A DraftKings, a propósito, nasceu em 2012 basicamente como uma empresa de fantasy sports. Cerca de um ano depois, ela recebeu investimentos da MLB.
Em 2015, após tornar-se parceira oficial da NHL e na esteira da assinatura de um acordo de patrocínio junto à ESPN, a DraftKings recebeu, em uma rodada de investimentos, aportes da Fox Sports e do Kraft Group (dono do New England Patriots).
A ascensão continuou e, em julho de 2021, a DraftKings atingiu o valor de mercado de US$ 20.64 bilhões.
Trata-se, sem dúvida, de uma gigante, que já havia chegado ao beisebol, ao hóquei e ao futebol americano e que, doravante, passa a “andar de mãos dadas” com o principal rosto da NBA.
O que nos leva a uma outra indagação: como será interpretada a questão de ser permitida “somente uma atividade geral da marca”? Ou, em outras palavras, o que LeBron poderá e o que não poderá fazer junto à DraftKings?
As ferramentas de fiscalização e controle serão suficientes em face da pulverização de ativações publicitárias em diversas redes sociais?
Com um volume tão substancial de apostas ocorrendo o tempo todo e um número expressivo de atletas na liga, que fatalmente seguirão os passos de LeBron, a quantidade de não conformidades será proporcionalmente grande e complexa de gerenciar?

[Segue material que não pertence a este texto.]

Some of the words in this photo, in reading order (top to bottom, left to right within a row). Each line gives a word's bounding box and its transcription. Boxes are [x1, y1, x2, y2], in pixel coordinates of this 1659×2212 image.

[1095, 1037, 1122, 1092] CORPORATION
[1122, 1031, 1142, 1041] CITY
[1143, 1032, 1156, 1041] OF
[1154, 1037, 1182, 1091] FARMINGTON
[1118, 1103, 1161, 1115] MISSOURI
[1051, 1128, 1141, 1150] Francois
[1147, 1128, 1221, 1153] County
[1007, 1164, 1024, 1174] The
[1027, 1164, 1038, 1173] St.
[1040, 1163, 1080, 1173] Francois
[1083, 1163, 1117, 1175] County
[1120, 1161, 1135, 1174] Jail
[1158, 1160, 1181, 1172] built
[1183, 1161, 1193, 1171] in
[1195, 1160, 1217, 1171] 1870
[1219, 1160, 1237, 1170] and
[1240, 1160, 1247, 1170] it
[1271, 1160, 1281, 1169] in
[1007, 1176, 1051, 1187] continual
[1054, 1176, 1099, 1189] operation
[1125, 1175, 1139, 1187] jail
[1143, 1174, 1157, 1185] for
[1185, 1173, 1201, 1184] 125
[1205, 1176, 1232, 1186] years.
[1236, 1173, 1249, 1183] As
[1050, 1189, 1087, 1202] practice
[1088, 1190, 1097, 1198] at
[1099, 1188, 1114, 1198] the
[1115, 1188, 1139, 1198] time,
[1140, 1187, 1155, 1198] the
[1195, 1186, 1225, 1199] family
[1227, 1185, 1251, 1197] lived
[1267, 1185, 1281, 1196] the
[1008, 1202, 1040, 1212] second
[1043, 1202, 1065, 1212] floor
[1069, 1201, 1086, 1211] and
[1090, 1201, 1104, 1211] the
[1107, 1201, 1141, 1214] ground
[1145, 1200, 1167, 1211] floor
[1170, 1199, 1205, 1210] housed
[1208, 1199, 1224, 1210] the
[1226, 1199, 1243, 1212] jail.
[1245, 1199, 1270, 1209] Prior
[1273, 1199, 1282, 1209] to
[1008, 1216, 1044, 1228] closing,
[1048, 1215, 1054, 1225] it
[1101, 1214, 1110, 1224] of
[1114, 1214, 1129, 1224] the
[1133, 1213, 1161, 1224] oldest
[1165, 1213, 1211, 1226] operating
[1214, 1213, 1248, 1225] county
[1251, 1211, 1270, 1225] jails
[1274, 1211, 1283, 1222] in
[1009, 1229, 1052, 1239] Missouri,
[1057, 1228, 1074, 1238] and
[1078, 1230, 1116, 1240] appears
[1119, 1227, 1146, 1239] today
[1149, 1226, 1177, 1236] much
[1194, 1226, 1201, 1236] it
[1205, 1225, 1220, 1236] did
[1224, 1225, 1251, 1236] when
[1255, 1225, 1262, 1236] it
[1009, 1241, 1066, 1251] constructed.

Por ora, só temos as perguntas.
O que nos resta é observar e confiar na capacidade da NBA de superar desafios.
Não será fácil, mas será instigante acompanhar o amadurecimento de uma das mais prestigiosas instituições do esporte ante a força implacável do dinheiro do mercado de apostas.
Da frase de Benjamin Franklin contida em uma carta enviada por ele a Jean-Baptiste Le Roy, um físico francês, nasceu o ditado, muito popular nos Estados Unidos, de que só existem duas coisas certas na vida: a morte e os tributos.
Olhando ao redor, podemos acrescentar uma terceira certeza: onde houver esporte, haverá o patrocínio de uma casa de apostas.
Que haja, também, o olhar vigilante do Direito, para que a essência do jogo seja sempre preservada. Quem ama o esporte agradece.